■ ACTIVITY ■
I'd like the entries repeated exactly, pictures omitted.

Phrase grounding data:
*** Begin section ***

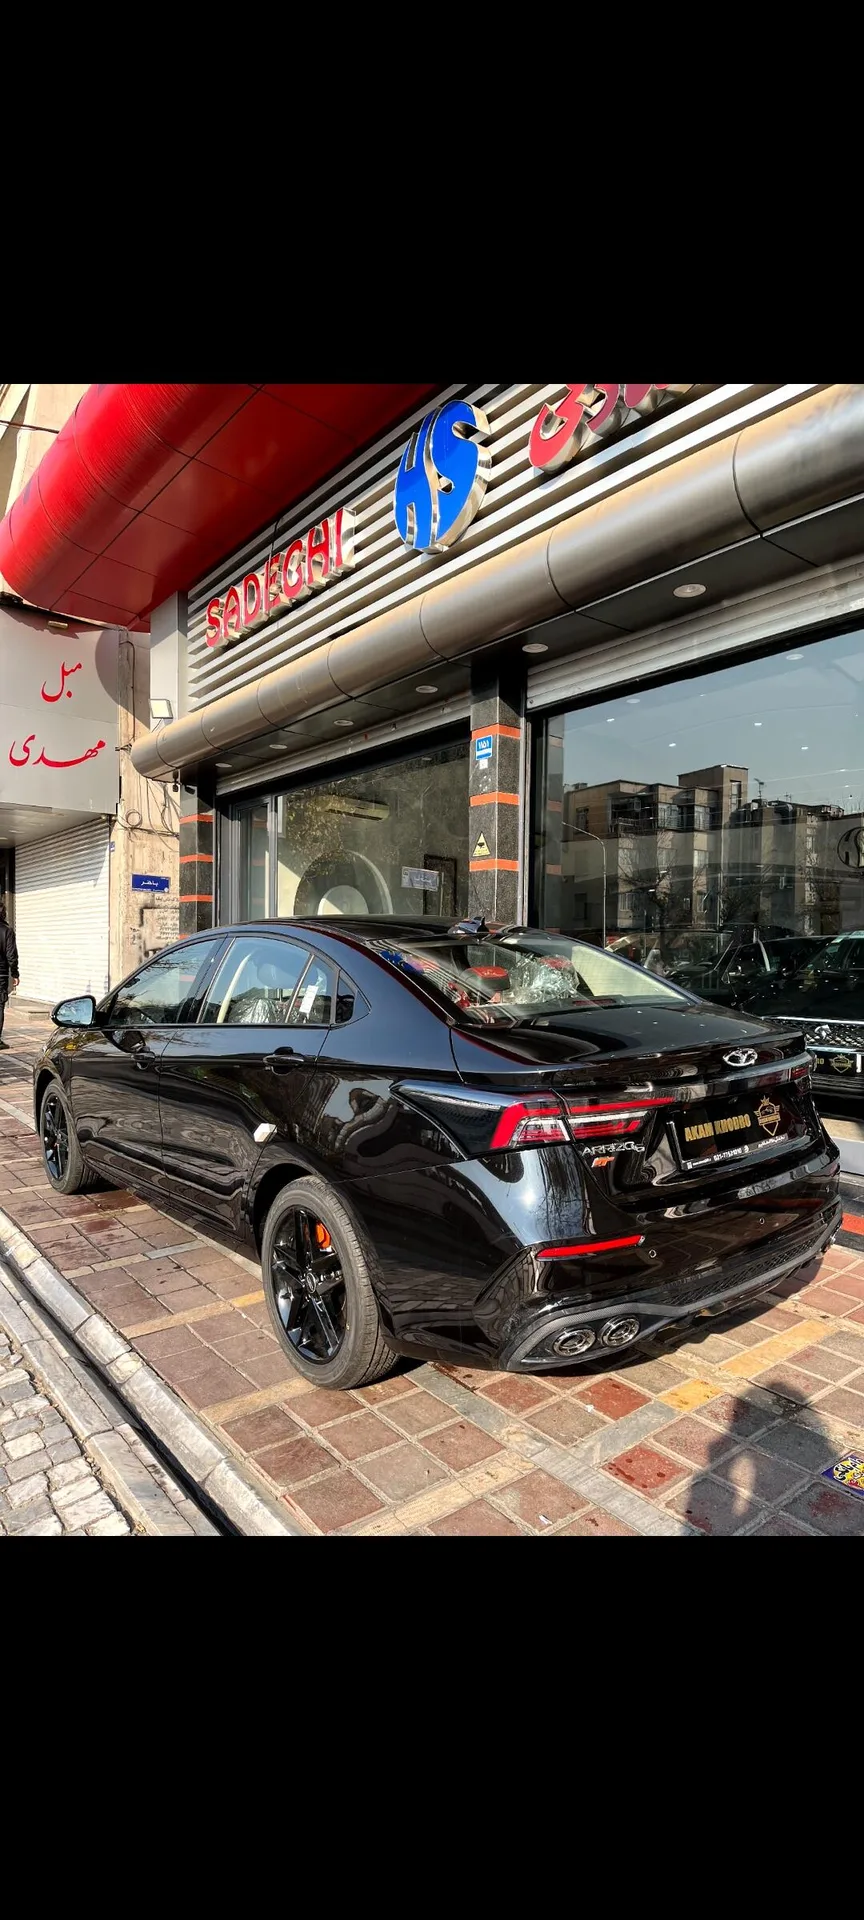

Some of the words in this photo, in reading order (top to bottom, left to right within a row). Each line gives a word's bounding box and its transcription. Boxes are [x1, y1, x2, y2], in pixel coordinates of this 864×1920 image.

[393, 400, 482, 551] HS
[205, 507, 350, 648] SADEGHI
[41, 661, 82, 703] مبل
[9, 734, 106, 768] مهدی
[684, 1122, 714, 1142] AKAM
[713, 1113, 752, 1135] KHODRO

*** End section ***

■ WRITTEN SOLUTION ■
Some of the words in this photo, in reading order (top to bottom, left to right within a row). Each line gives a word's bounding box and its transcription. Boxes are [x1, y1, x2, y2], in pixel coordinates of this 864×1920 image.

[393, 400, 482, 551] HS
[205, 507, 350, 648] SADEGHI
[41, 661, 82, 703] مبل
[9, 734, 106, 768] مهدی
[684, 1122, 714, 1142] AKAM
[713, 1113, 752, 1135] KHODRO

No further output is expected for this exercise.